WHAT YOU WILL DO - The data below should be printed in full, exactly, and without any of its images.

SUPPLIED MATERIAL -
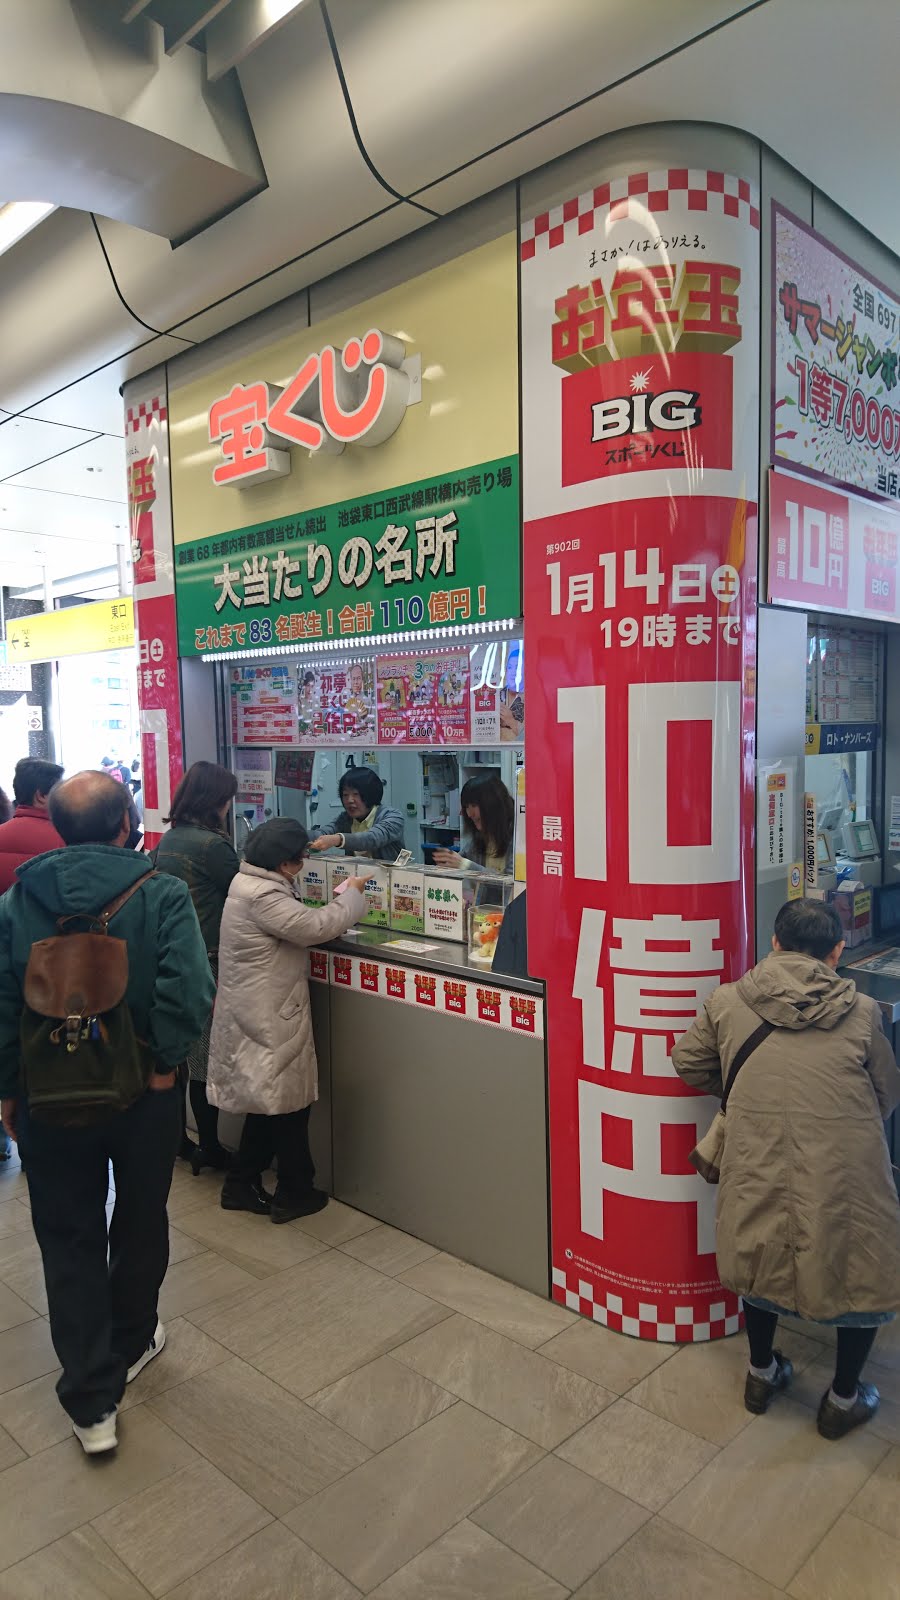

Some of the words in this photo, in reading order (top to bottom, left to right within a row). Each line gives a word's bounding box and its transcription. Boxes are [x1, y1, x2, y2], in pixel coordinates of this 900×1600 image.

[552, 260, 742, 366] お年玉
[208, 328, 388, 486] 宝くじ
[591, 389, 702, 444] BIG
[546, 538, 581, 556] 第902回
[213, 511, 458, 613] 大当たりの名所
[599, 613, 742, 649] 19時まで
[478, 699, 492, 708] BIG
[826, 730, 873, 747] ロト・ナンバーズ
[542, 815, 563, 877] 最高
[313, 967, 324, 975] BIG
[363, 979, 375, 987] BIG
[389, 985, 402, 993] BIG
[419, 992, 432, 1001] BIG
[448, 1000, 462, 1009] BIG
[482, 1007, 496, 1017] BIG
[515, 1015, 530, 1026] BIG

SOLUTION TO THIS PROBLEM -
Some of the words in this photo, in reading order (top to bottom, left to right within a row). Each line gives a word's bounding box and its transcription. Boxes are [x1, y1, x2, y2], in pixel coordinates of this 900×1600 image.

[552, 260, 742, 366] お年玉
[208, 328, 388, 486] 宝くじ
[591, 389, 702, 444] BIG
[546, 538, 581, 556] 第902回
[213, 511, 458, 613] 大当たりの名所
[599, 613, 742, 649] 19時まで
[478, 699, 492, 708] BIG
[826, 730, 873, 747] ロト・ナンバーズ
[542, 815, 563, 877] 最高
[313, 967, 324, 975] BIG
[363, 979, 375, 987] BIG
[389, 985, 402, 993] BIG
[419, 992, 432, 1001] BIG
[448, 1000, 462, 1009] BIG
[482, 1007, 496, 1017] BIG
[515, 1015, 530, 1026] BIG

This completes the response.